Microsoft Imagine Cup finals 2015: Stuff’s best picks
Our favourite apps, projects and innovations from some of the world's brightest young minds
Walking around the huge bustling Microsoft campus in Seattle at this time of year is a little overwhelming.
Not only is it Windows 10 launch week, but it’s also Microsoft’s annual //oneweek, which sees thousands of Microsoft employees celebrate what makes them great, from the 3000 employee-strong hackathon to tonnes of different seminars and events to get creative juices flowing.
It’s also the week of the 2015 Microsoft Imagine Cup finals, which sees young finalists from all around the world come together with apps, games and innovative ideas, pitting themselves against each other for cash prizes and the ultimate overall prize of a one-to-one mentoring session with Microsoft CEO Satya Nadella.
We’ve scoured the Imagine Cup event from the front lines here in Seattle, and have hand picked seven of our favourite ideas. And here they are:
Ovivo (Russia)
Ovivo won first place in the games category, netting a whopping US$50,000 cheque in the process.
It’s a visually stunning black and white platformer which sees you navigate a simple ball through weird and wacky 2D environments.
The world itself is split into black and white spaces, with the black areas reversing gravity. You can flitter in and out of the black and white sections of a map instantly, letting you solve puzzles and progress through the story.
ScreenAIR (Japan)
The Japanese team has brought an air-sensing screen to the table, and having tried it ourselves, we can easily see it infiltrating arcades with a whole new different way to interact with games.

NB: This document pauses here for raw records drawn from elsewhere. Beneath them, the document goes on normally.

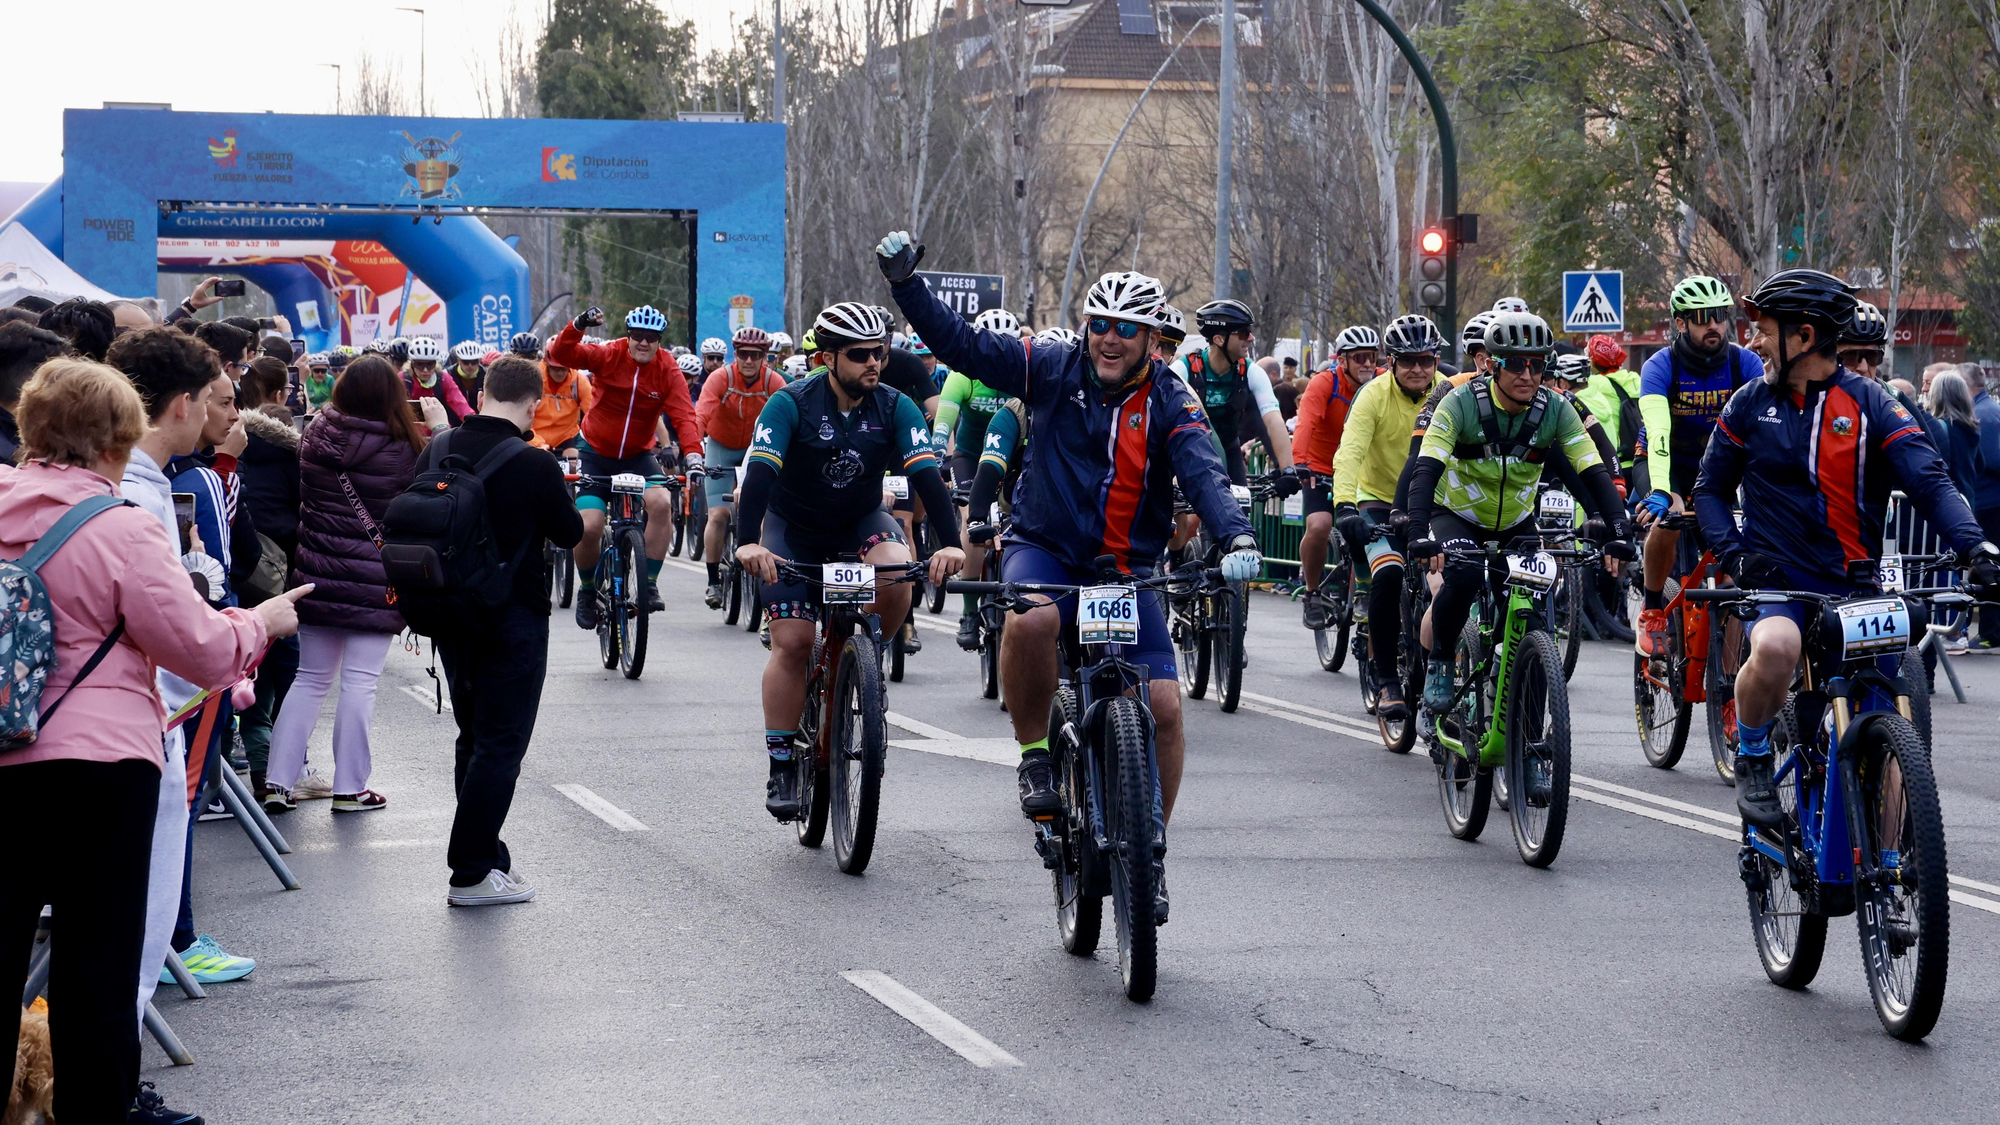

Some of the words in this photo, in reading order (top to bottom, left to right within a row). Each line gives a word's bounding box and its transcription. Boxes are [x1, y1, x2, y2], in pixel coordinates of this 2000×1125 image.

[259, 162, 293, 170] TIERRA
[582, 156, 648, 168] Diputación
[254, 174, 293, 183] VALORES
[582, 170, 597, 178] de
[602, 168, 649, 180] Córdoba
[83, 219, 135, 230] POWER
[107, 230, 135, 242] ADE
[226, 240, 240, 248] 902
[245, 240, 260, 248] 432
[941, 277, 976, 289] ACCESO
[937, 290, 980, 314] MTB
[499, 294, 513, 350] Ciclos
[1758, 416, 1782, 424] VIATOR
[756, 423, 772, 444] K
[910, 427, 929, 446] K
[986, 432, 1002, 448] K
[753, 446, 782, 458] xabank
[340, 472, 355, 497] LOLA
[1545, 497, 1568, 507] 1781
[354, 502, 374, 530] BIMBA
[1520, 558, 1546, 575] 400
[834, 569, 862, 582] 501
[1087, 601, 1131, 619] 1686
[1858, 615, 1895, 637] 114

The Perforated screen has a whole array of sensors behind it. Each sensor is essentially a light strip of plastic with a magnet attached to it. When air hits the sensor, the plastic strip moves, and its movement is recorded by a wire tracking the magnet’s motion, similar to an electric guitar’s string and pickup interaction.
Siymb (UK)
The Siymb team describes their project as something that will "shatter the fistbowls full of business card and burn their contents to ashes". It’s not a flamethrower.
Instead, it’s an inexpensive wearable, aimed to instantly exchange people’s contact information with a single handshake at conferences and exhibitions. We tried it our here in Seattle, and we saw our LinkedIn connection pop up on the Siymb app straight after exchanging a handshake.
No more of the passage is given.